■ **Data for processing**:

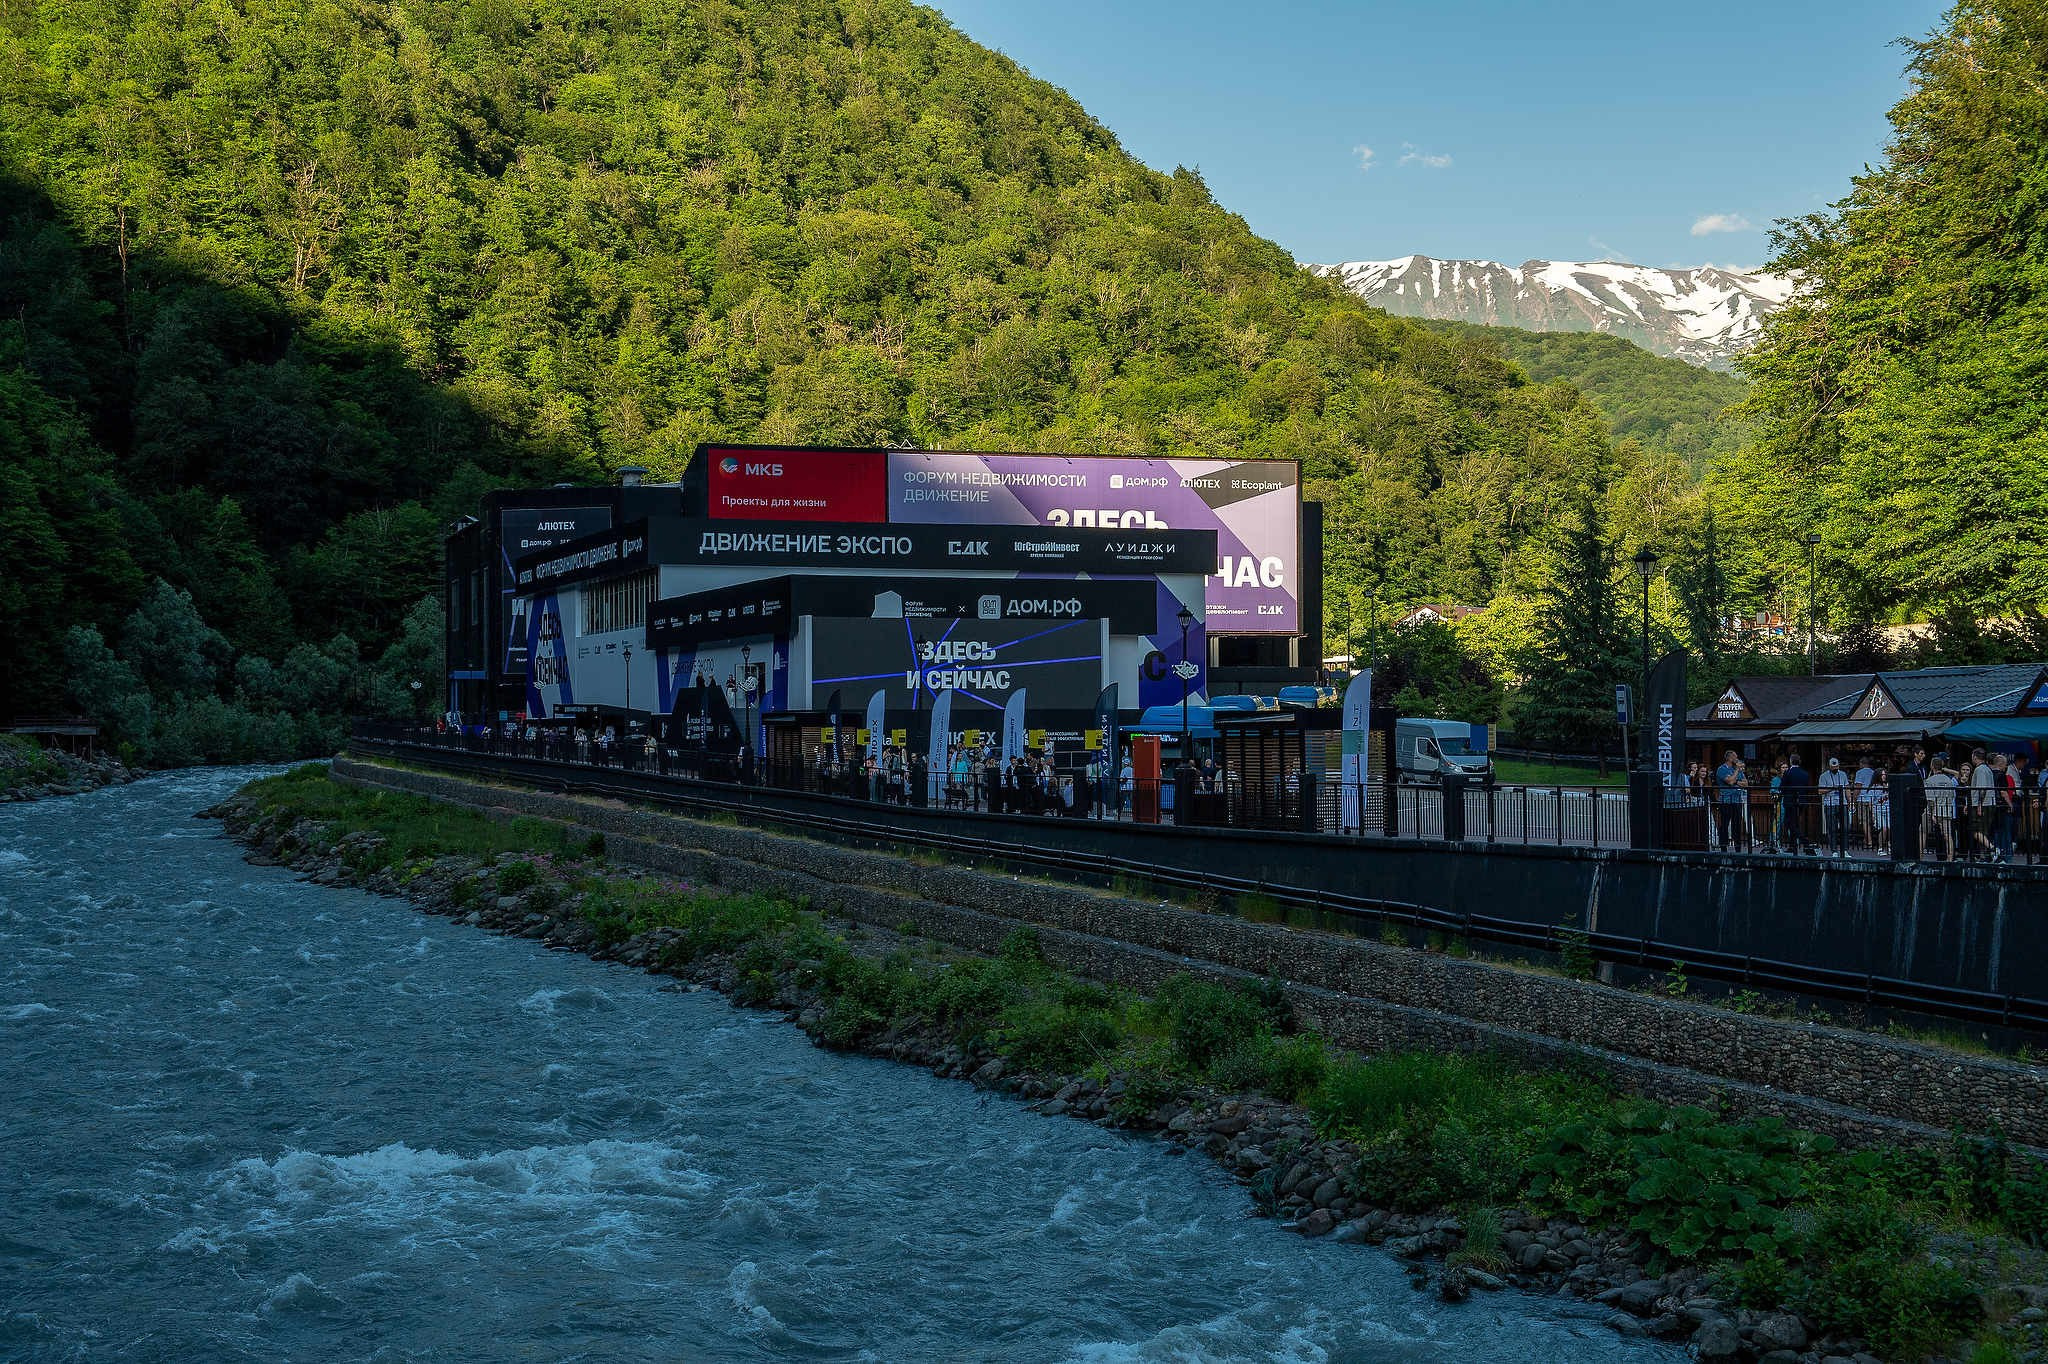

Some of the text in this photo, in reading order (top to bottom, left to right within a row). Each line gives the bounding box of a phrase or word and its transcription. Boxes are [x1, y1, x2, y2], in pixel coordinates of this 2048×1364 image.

[745, 463, 784, 477] МКБ
[903, 471, 1087, 487] ФОРУМ НЕДВИЖИМОСТИ
[1179, 479, 1221, 489] АЛЮТЕХ
[1241, 480, 1283, 492] Ecoplant
[722, 495, 827, 508] Проекты для жизни
[903, 488, 990, 503] ДВИЖЕНИЕ
[537, 521, 576, 531] АЛЮТЕХ
[699, 532, 913, 555] ДВИЖЕНИЕ ЭКСПО
[1205, 555, 1285, 589] ЧАС
[921, 640, 997, 664] ЗДЕСЬ
[906, 664, 1011, 690] И СЕЙЧАС
[1723, 711, 1741, 719] ГОРЫ

■ **Work to complete**: Strip the images and reproduce the remaining records precisely.

■ **Response for this exercise**:
Some of the text in this photo, in reading order (top to bottom, left to right within a row). Each line gives the bounding box of a phrase or word and its transcription. Boxes are [x1, y1, x2, y2], in pixel coordinates of this 2048×1364 image.

[745, 463, 784, 477] МКБ
[903, 471, 1087, 487] ФОРУМ НЕДВИЖИМОСТИ
[1179, 479, 1221, 489] АЛЮТЕХ
[1241, 480, 1283, 492] Ecoplant
[722, 495, 827, 508] Проекты для жизни
[903, 488, 990, 503] ДВИЖЕНИЕ
[537, 521, 576, 531] АЛЮТЕХ
[699, 532, 913, 555] ДВИЖЕНИЕ ЭКСПО
[1205, 555, 1285, 589] ЧАС
[921, 640, 997, 664] ЗДЕСЬ
[906, 664, 1011, 690] И СЕЙЧАС
[1723, 711, 1741, 719] ГОРЫ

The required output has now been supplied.